= WHAT TO PRODUCE =
State how many lines of the entries include the string "words", please, leaving out everything but the number.

= INPUT DATA =
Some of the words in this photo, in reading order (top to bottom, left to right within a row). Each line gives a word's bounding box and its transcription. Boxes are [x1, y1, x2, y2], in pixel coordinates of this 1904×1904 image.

---

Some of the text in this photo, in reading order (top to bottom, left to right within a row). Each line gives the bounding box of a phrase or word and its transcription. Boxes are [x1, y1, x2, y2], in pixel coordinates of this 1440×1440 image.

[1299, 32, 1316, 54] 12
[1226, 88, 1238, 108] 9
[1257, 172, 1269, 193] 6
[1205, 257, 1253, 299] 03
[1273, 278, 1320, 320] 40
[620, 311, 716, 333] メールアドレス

* * *

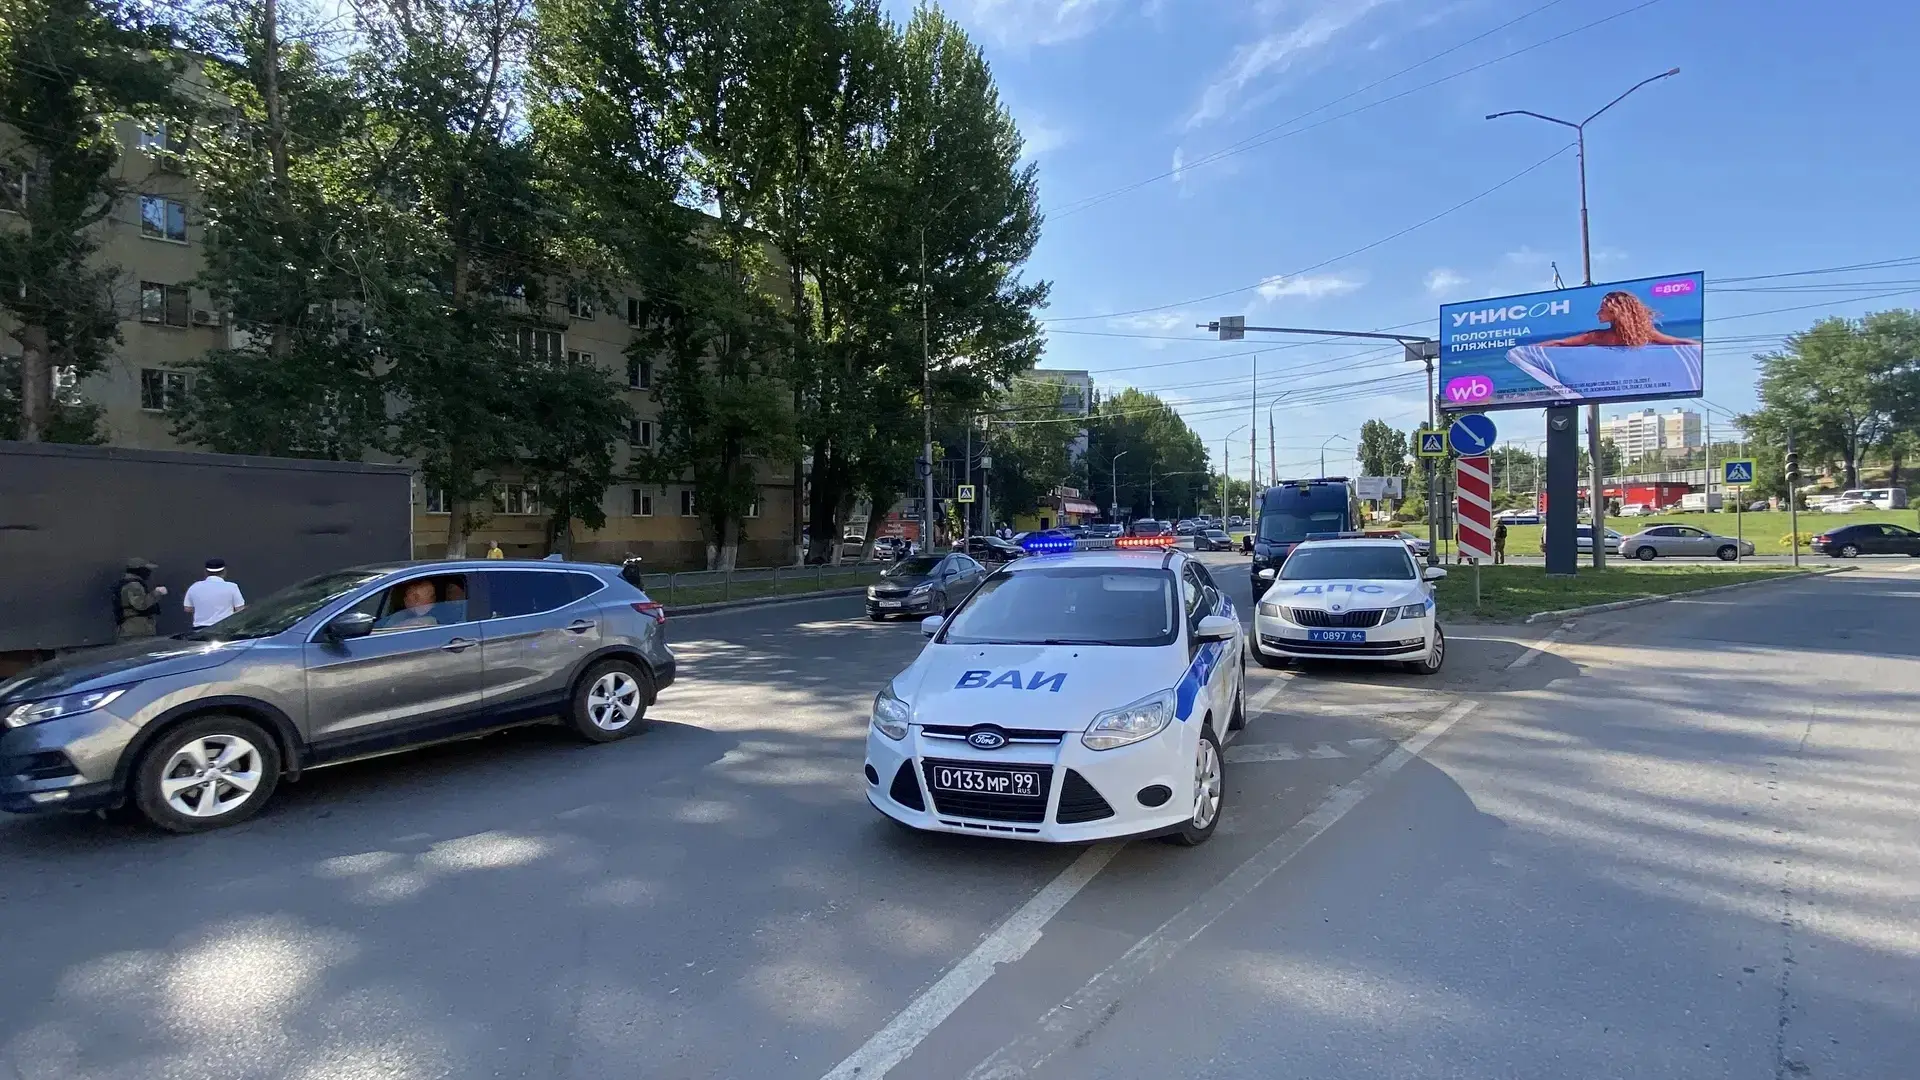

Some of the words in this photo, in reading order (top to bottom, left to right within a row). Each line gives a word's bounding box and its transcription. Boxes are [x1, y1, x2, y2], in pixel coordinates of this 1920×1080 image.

= SOLUTION TO THIS PROBLEM =
2